PMCID: PMC8214579  PMID: 32642931

Abstract

Cerebellar involvement in major depressive disorder (MDD) has been demonstrated by a growing number of studies, but it is unknown whether cognitive functioning in depressed individuals is related to cerebellar gray matter volume (GMV) abnormalities. Impaired attention and executive dysfunction are characteristic cognitive deficits in MDD, and critically, they often persist despite remission of mood symptoms. In this study, we investigated cerebellar GMV in patients with remitted MDD (rMDD) that showed persistent cognitive impairment. We applied cerebellum-optimized voxel-based morphometry in 37 patients with rMDD and with cognitive deficits, in 12 patients with rMDD and without cognitive deficits, and in 36 healthy controls (HC). Compared with HC, rMDD patients with cognitive deficits had lower GMV in left area VIIA, crus II, and in vermal area VIIB. In patients with rMDD, regression analyses demonstrated significant associations between GMV reductions in both regions and impaired attention and executive dysfunction. Compared with HC, patients without cognitive deficits showed increased GMV in bilateral area VIIIB. This study supports cerebellar contributions to the cognitive dimension of MDD. The data also point towards cerebellar area VII as a potential target for non-invasive brain stimulation to treat cognitive deficits related to MDD.

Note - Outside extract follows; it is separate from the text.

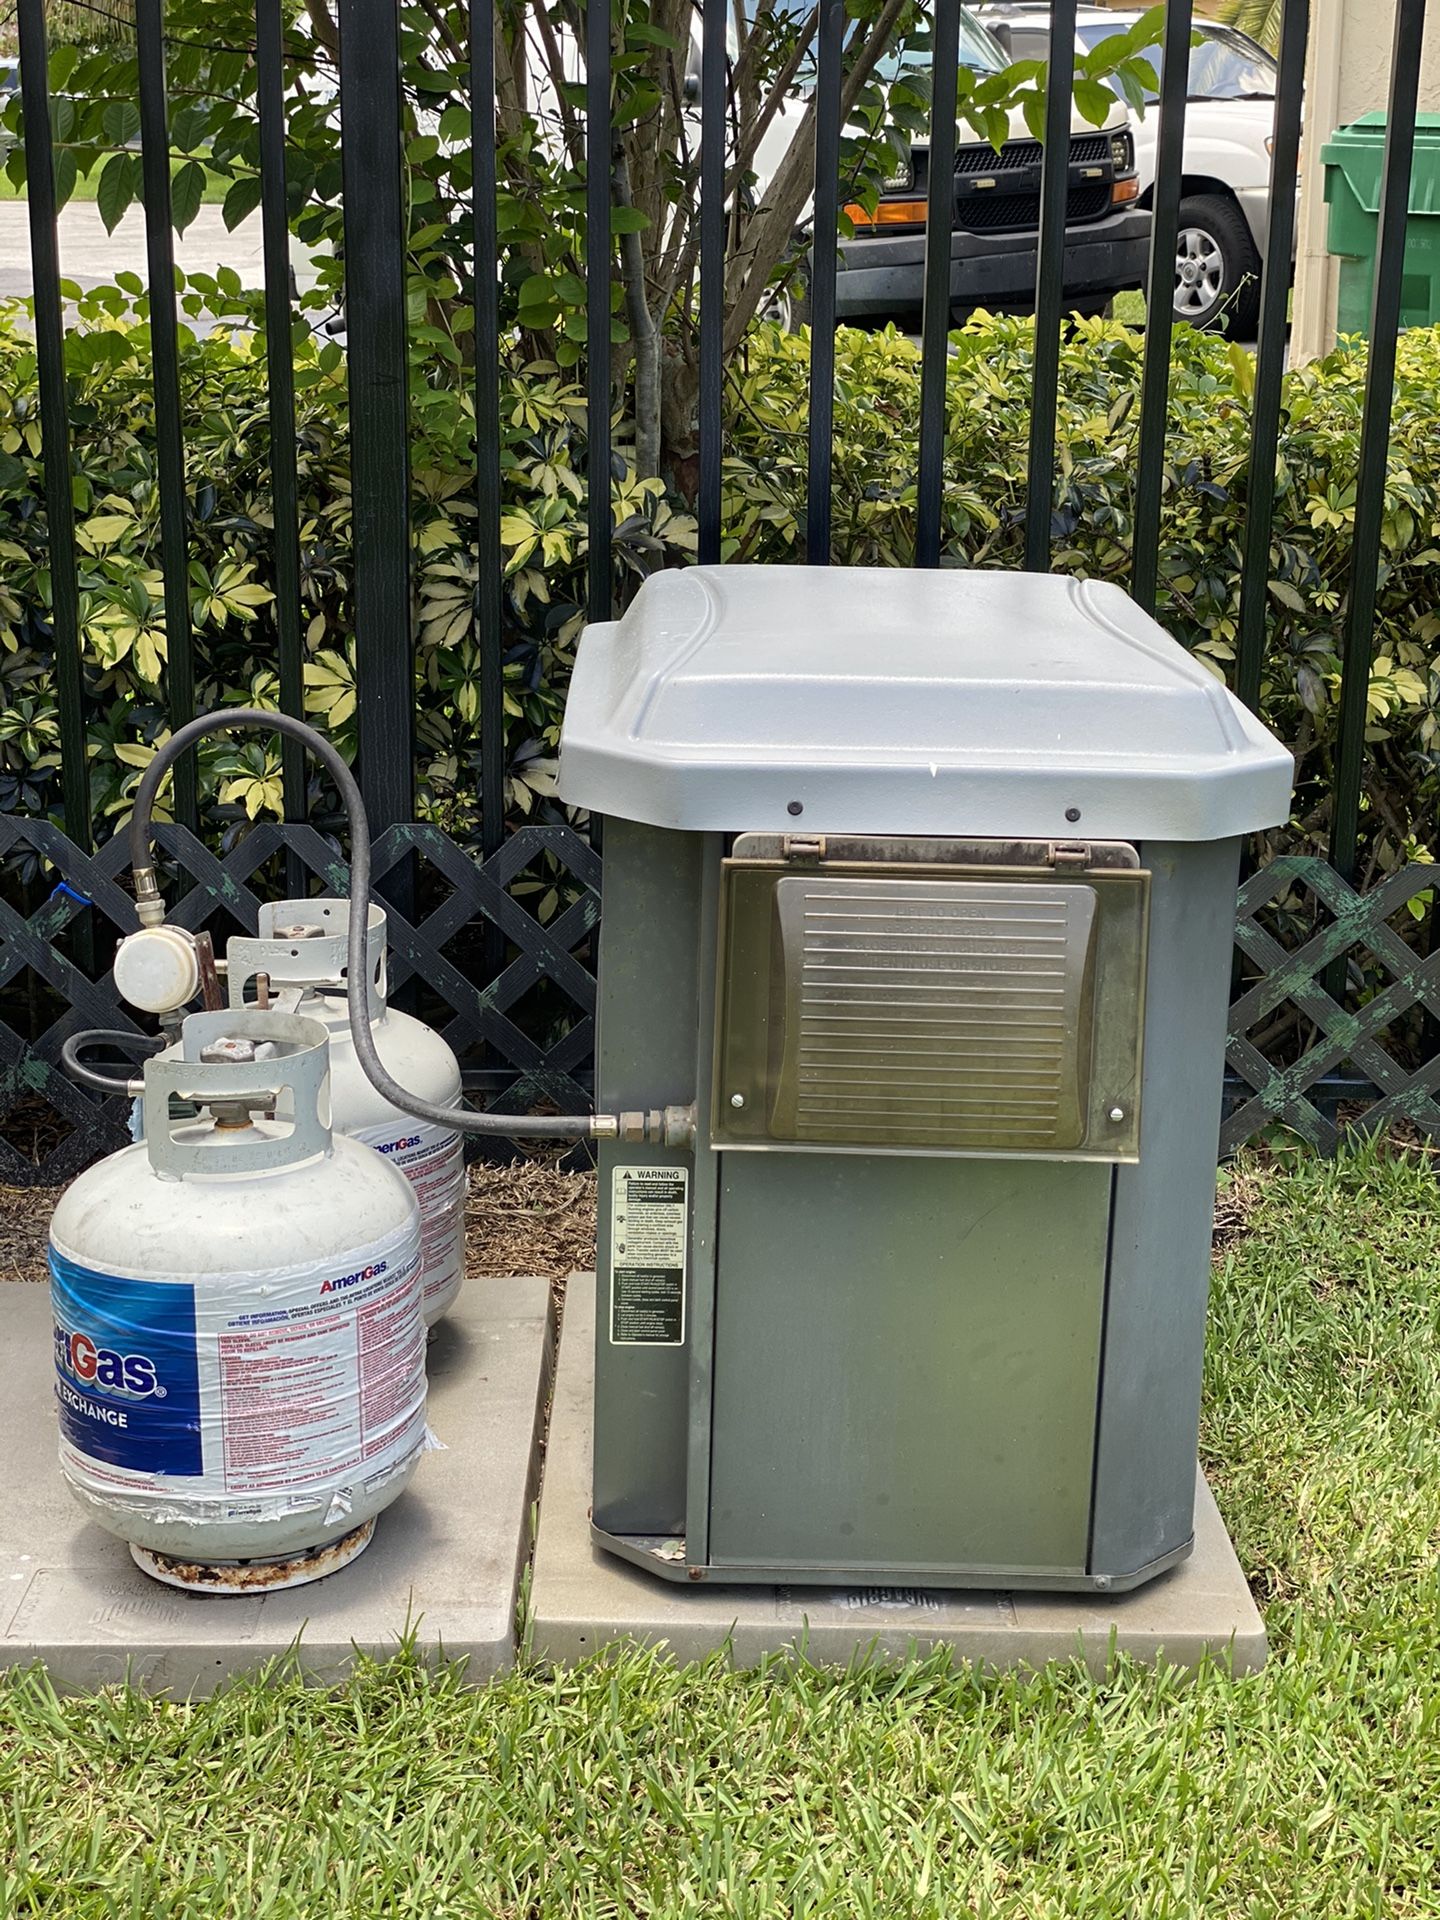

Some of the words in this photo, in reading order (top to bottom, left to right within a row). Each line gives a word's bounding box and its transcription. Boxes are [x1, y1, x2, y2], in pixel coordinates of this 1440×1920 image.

Electronic supplementary material

The online version of this article (10.1007/s12311-020-01157-z) contains supplementary material, which is available to authorized users.

Keywords: Magnetic resonance imaging, Major depressive disorder, Cerebellum, Cerebellar gray matter, Attention, Executive function

Introduction

Cognitive dysfunction is a highly relevant symptom domain in major depressive disorder (MDD), affecting about two-thirds of acutely depressed patients [1]. In patients with MDD, cognitive impairment independently mediates functional outcomes, e.g., workforce performance [2]. Cognitive dysfunction in depression typically includes deficits of attention and executive functions [1, 3]. Importantly, in 30–50% of patients with MDD, cognitive dysfunction persists despite remission of mood symptoms [1, 4]. If persistent in remitted individuals with MDD, such impairments may mediate an increased risk of major depression relapse [57]. Cognitive dysfunction in MDD is difficult to treat with little evidence for procognitive effects of antidepressant medication [8]. Non-pharmacological interventions, such as cognitive remediation therapy, may be effective, yet data in this regard is scarce and treatment benefits are poorly defined [9].

Against this background, there is an urgent need for a more detailed understanding of the neural mechanisms of cognitive dysfunction in MDD. Using structural and functional magnetic resonance imaging (MRI), neural correlates of cognitive dysfunction in depression have been identified by numerous studies, including meta-analyses [1013]. Although the past decade has witnessed an increased interest in cerebellar involvement in depression, potential cerebellar contributions to cognitive dysfunction in MDD have rarely been investigated [14]. Since approximately half of the cerebellar cortex is associated with non-motor functions, i.e., cognitive, affective, and self-referential functions [15], this may be a serious omission.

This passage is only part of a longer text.